Item 44110981

amluto • 5 days ago

Because the footer metadata is in the Parquet file, which is already far too late to give an efficient query.

If I have an S3 bucket containing five years worth of Parquet files, each covering a few days worth of rows, and I tell my favorite query tool (DuckDB, etc) about that bucket, then the tool will need to do a partial read (which is multiple operations, I think, since it will need to find the footer and then read the footer) of ~500 files just to find out which ones contain the data of interest. A good query plan would be to do a single list operation on the bucket to find the file names and then to read the file or files needed to answer my query.

Iceberg and Delta Lake (I think -- I haven't actually tried it) can do this, but plain Parquet plus Hive partitioning can't, and I'm not aware of any other lightweight scheme that is well supported that can do it. My personal little query tool (which predates Parquet) can do it just fine by the simple expedient of reading directory names.

Jarwain • 4 days ago

Maybe I'm misunderstanding something about how ducklake works, but isn't that the purpose of the 'catalog database'? To store the metadata about all the files to optimize the query?

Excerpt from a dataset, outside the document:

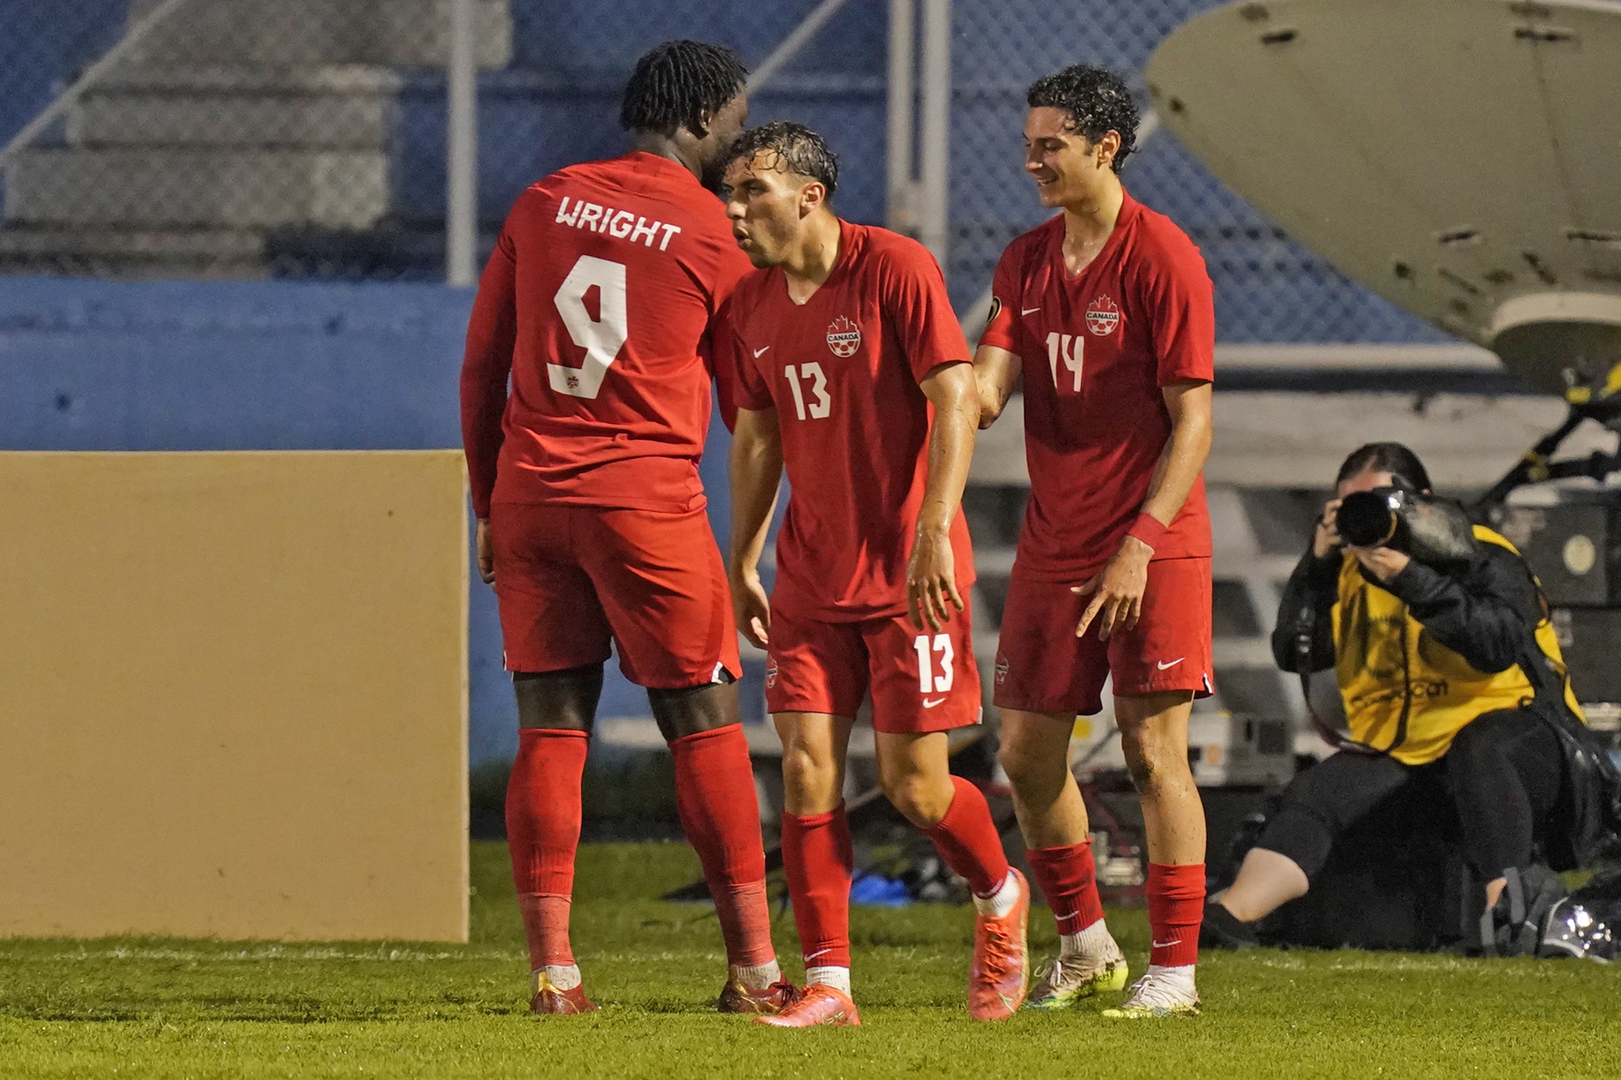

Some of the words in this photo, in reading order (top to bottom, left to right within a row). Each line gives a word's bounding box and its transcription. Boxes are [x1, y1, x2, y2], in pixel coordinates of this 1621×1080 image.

In theory, going off of the schema diagram they have, all your files are listed in `data_file`, the timestamp range for that file would be in `file_column_stats`, and that information could be used to decide what files to _actually_ read based on your query.

Whether duckdb's query engine takes advantage of this is a different story, but even if it doesn't Yet it should be possible to do so Eventually.

1 reply

amluto • 4 days ago

Yes, and this is how basically every “lake” thing works. But all the lake solutions add a lot more complexity than just improving the parquet filename scheme, and all of them require that all the readers and all the writers agree on a particular “lake”.

1 reply

Jarwain • 3 days ago

That's fair! I guess I see it as trading technical complexity with the human complexity of getting everyone on board with an update to the standard, and getting that standard implemented across the board. It's a lot easier to get my coworkers to just use duckdb as a reader/writer with ducklake than to change the system.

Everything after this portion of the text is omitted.